This essay has been submitted by a student. This is not an example of the work written by our professional essay writers.
The top-down approach is a way that auditors should use to select which tests they should implement in the audit of internal control over financial reporting. This approach begins at the financial statement level, and then lead auditor's attention to the entity-level control. Auditors will get the reasonable possibility of material misstatement to the financial statements and related disclosures by using this approach. Testing entity-level controls is crucial to auditors, because the company's effectiveness of internal control over financial reporting can be derived from this test.
Entity-level controls can be performed based on different approaches. Some of them can affect other controls that auditors selected, such as preventing or detecting some misstatements; some can monitor the effectiveness of other controls; whereas some can perform a more precise work on detecting the misstatements, and lead to a more efficiency prevention.
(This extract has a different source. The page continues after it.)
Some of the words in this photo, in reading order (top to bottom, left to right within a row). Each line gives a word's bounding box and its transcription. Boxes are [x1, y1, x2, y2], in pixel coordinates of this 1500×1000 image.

There are 8 different controls included in the entity-level controls. The first is controls related to the control environment. Control environment is an important element to auditors in evaluating the firm's internal control over financial reporting, some aspects like management's philosophy, operating styles, ethical values especially among upper managements are significant to consider and evaluate. The second one is controls over management override. To some extent, the effectiveness of internal control can be assessed by the involvement of top management in the financial control. The third one is the company's risk assessment process. The fourth one is centralized processing and controls, including shared service environments. The fifth one is controls to monitor results of operations. The sixth one is controls to monitor other controls. The seventh one is controls over the period-end financial reporting process. This is an evaluation of the procedures that used at the period-end financial reporting, since people are more likely to modify the previous data at that time. The last one is policies that address significant business control and risk management practices.
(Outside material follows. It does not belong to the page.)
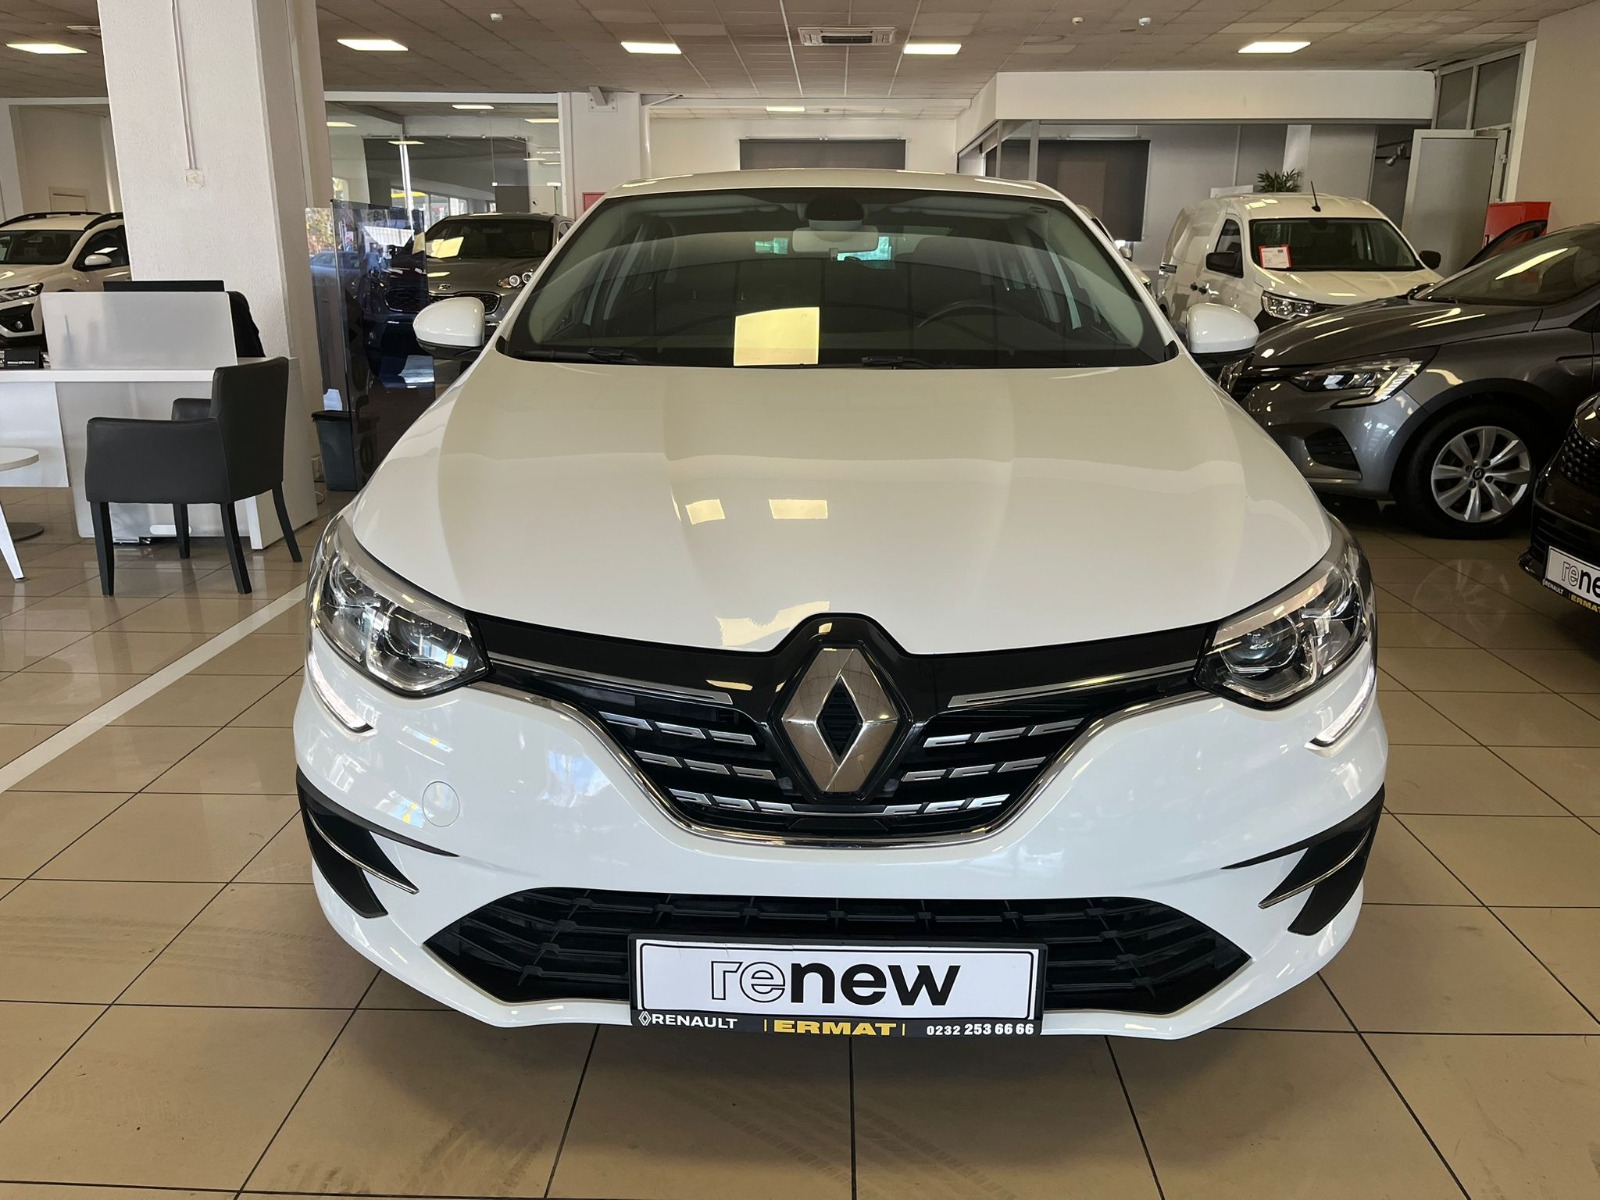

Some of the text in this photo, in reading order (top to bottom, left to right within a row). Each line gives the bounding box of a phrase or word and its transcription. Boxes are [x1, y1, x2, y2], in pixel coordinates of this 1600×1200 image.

It is auditor's responsibilities to identify significant accounts and disclosures and their relevant assertions. The assessment of financial statement assertions can be approaches from existence or occurrence, completeness, valuation or allocation, rights and obligations, and presentation and disclosure. While the evaluation in qualitative and quantitative risk factors related to the identification of significant accounts and disclosures and relevant assertions should be approaches from size and composition of the account, susceptibility to misstatement due to errors or fraud, volume of activity, complexity, and homogeneity of the individual transactions processed through the account or reflected in the disclosure, accounting and reporting complexities associated with the account or disclosure, exposure to losses in the account, possibility of significant contingent liabilities arising from the activities reflected in the account or disclosure, existence of related party transactions in the account, and changes from the prior period in account or disclosure characteristics. It is also significant for auditors to identify some likely sources of potential misstatements.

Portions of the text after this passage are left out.